Try it: From the first line to the last, write out the records exactly, leaving the pictures behind.

Input material:
· · · ·
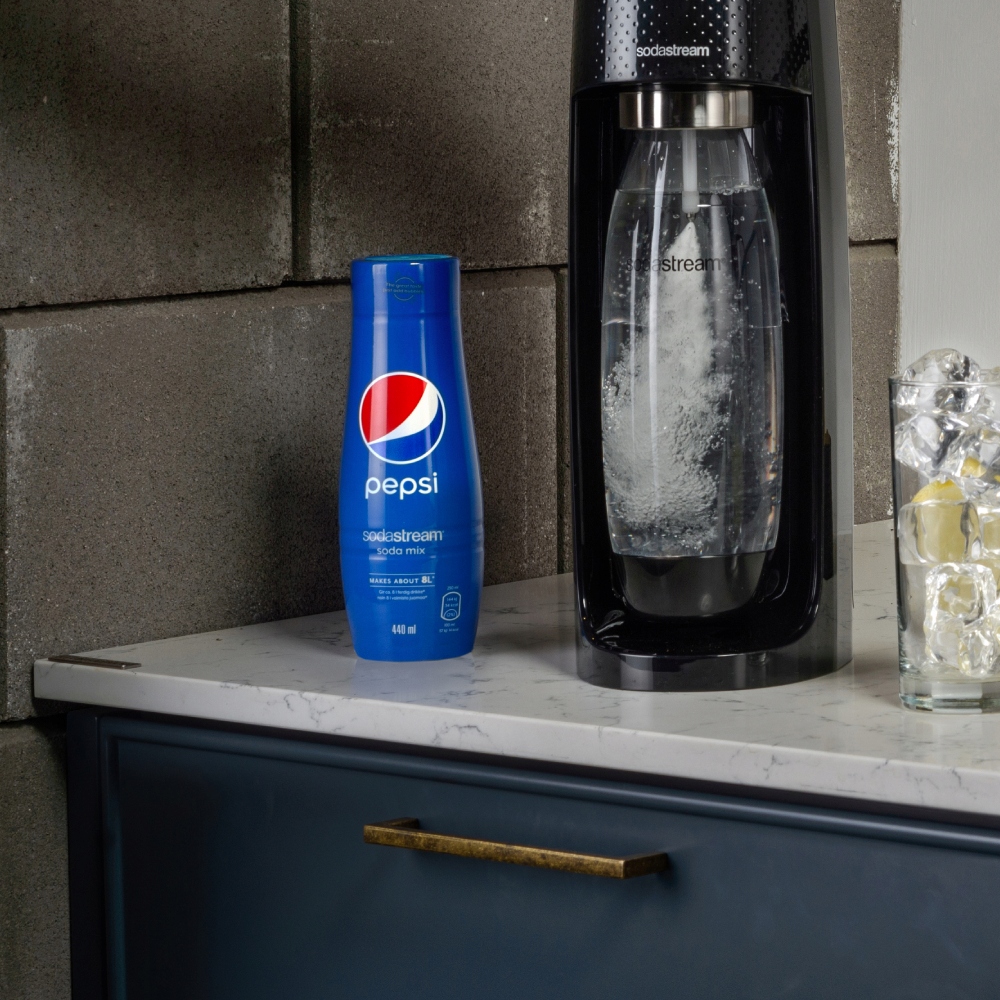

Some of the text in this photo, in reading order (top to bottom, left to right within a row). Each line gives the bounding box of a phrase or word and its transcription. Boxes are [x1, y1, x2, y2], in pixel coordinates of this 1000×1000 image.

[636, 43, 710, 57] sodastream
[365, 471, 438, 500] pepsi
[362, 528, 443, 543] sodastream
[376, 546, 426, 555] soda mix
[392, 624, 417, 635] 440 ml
· · · ·
Task output:
Some of the text in this photo, in reading order (top to bottom, left to right within a row). Each line gives the bounding box of a phrase or word and its transcription. Boxes are [x1, y1, x2, y2], in pixel coordinates of this 1000×1000 image.

[636, 43, 710, 57] sodastream
[365, 471, 438, 500] pepsi
[362, 528, 443, 543] sodastream
[376, 546, 426, 555] soda mix
[392, 624, 417, 635] 440 ml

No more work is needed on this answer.